Wednesday, February 29, 2012

Secret justice and an abuse of power: How the Government plans to allow controversial court cases and inquests to be heard behind closed doors

Shot dead by police: Jean Charles de Menezes was killed by police after mistakenly being identified as a suicide bomber. If the law was changed, details could be withheld from inquests like his.

The historic principle that justice should be seen to be done is threatened by hugely controversial plans to allow secret hearings, ministers are being warned.

Proposals for sweeping new powers which would allow the Government to withhold any evidence it deems ‘sensitive’ from an open civil court hearing or inquest are facing a chorus of criticism.

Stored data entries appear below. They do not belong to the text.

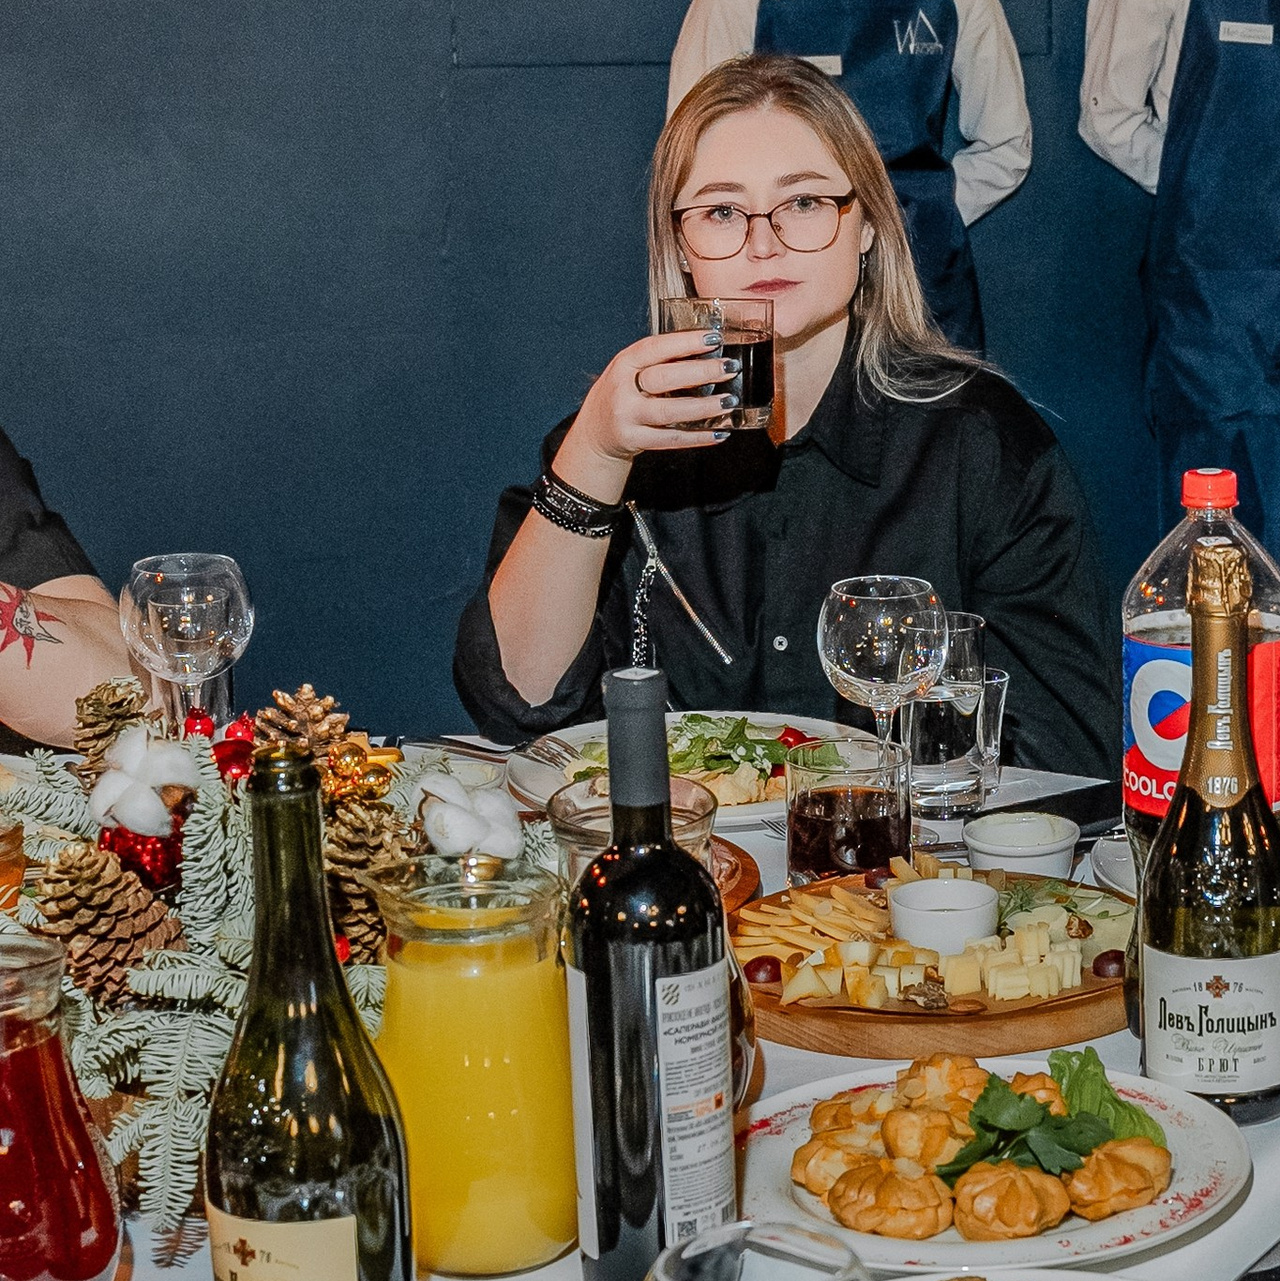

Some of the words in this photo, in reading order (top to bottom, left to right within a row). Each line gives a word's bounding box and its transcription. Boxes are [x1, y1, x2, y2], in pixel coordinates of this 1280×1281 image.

[1207, 776, 1239, 795] 1876
[1193, 982, 1203, 992] 18
[1232, 982, 1244, 993] 76
[1158, 997, 1195, 1032] Левъ
[1197, 1004, 1277, 1037] Голицынъ
[1197, 1057, 1240, 1073] БРЮТ

Former director of public prosecutions Ken Macdonald yesterday attacked the Government’s proposal for so-called ‘closed material procedures’ in civil courts, an attempt to prevent sensitive claims for damages being aired in open hearings.

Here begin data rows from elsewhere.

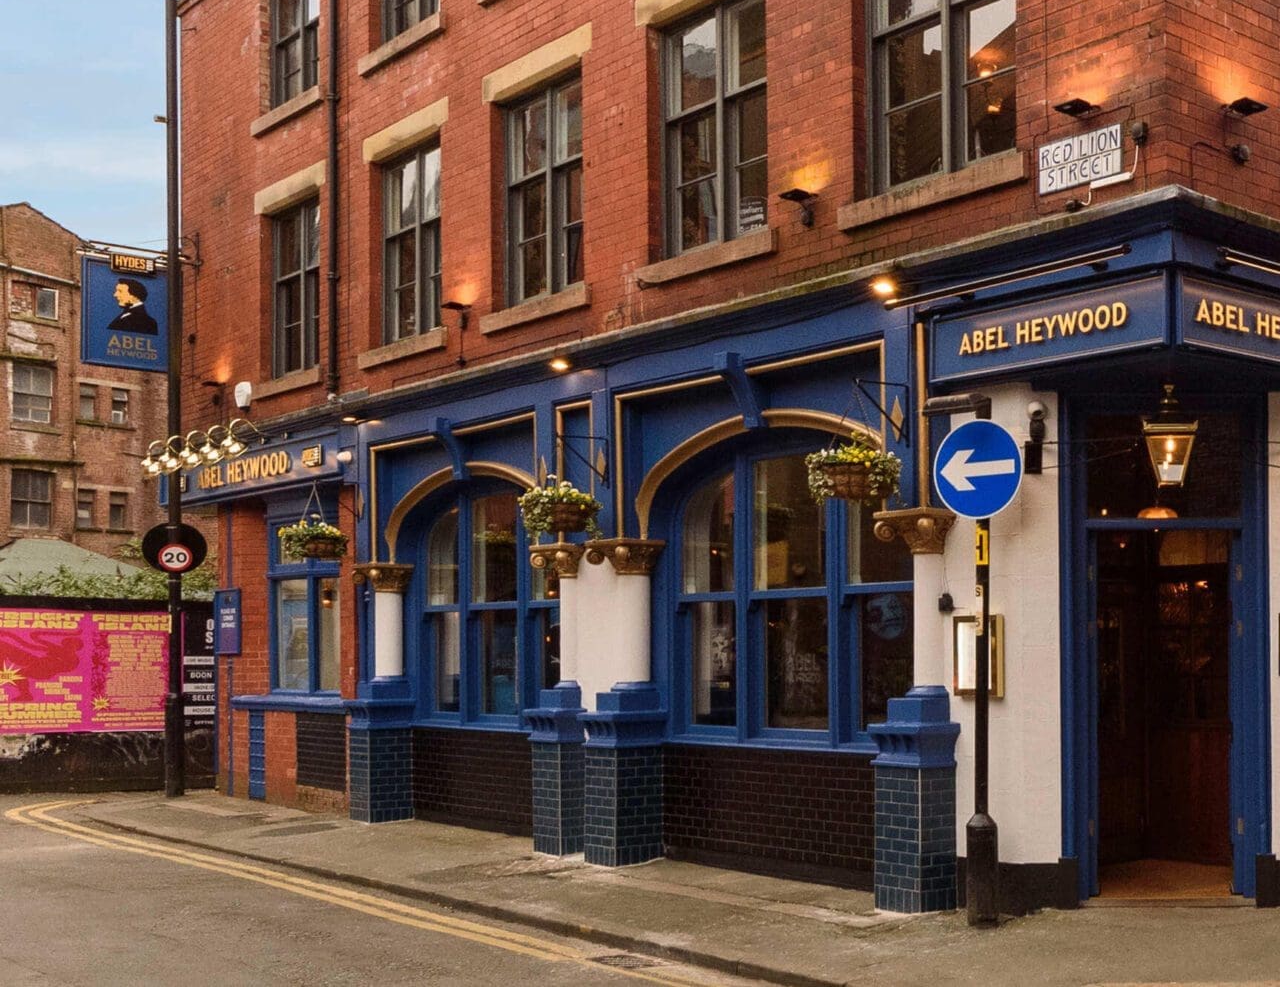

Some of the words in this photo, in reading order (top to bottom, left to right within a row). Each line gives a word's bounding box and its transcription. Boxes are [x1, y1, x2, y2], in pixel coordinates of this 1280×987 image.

[1041, 142, 1073, 168] RED
[1079, 128, 1119, 158] LION
[1047, 152, 1112, 187] STREET
[115, 255, 146, 270] HYDES
[1196, 298, 1250, 334] ABEL
[958, 326, 1009, 357] ABEL
[1016, 301, 1128, 347] HEYWOOD
[108, 334, 157, 352] ABEL
[106, 348, 158, 361] HEYWOOD
[197, 465, 224, 489] ABEL
[227, 451, 288, 484] HEYWOOD
[164, 552, 187, 563] 20
[0, 612, 84, 622] REIGHT
[92, 614, 169, 623] FREIGH
[0, 711, 82, 719] UMMER

Critics say the legislation has been ‘dictated’ by the security services following an embarrassing string of cases brought against them by former terrorist suspects who claimed they had been subjected to torture.

In the case of Binyam Mohamed, a former Guantanamo Bay prisoner who sought to sue the Government for complicity in torture, the Government tried to conceal documents disclosing his alleged mistreatment but were overruled by the courts.

There is increasing concern that Justice Secretary Kenneth Clarke’s proposals will mean ministers being able to prevent a huge range of cases – from military inquests to police and medical negligence claims – being held in public.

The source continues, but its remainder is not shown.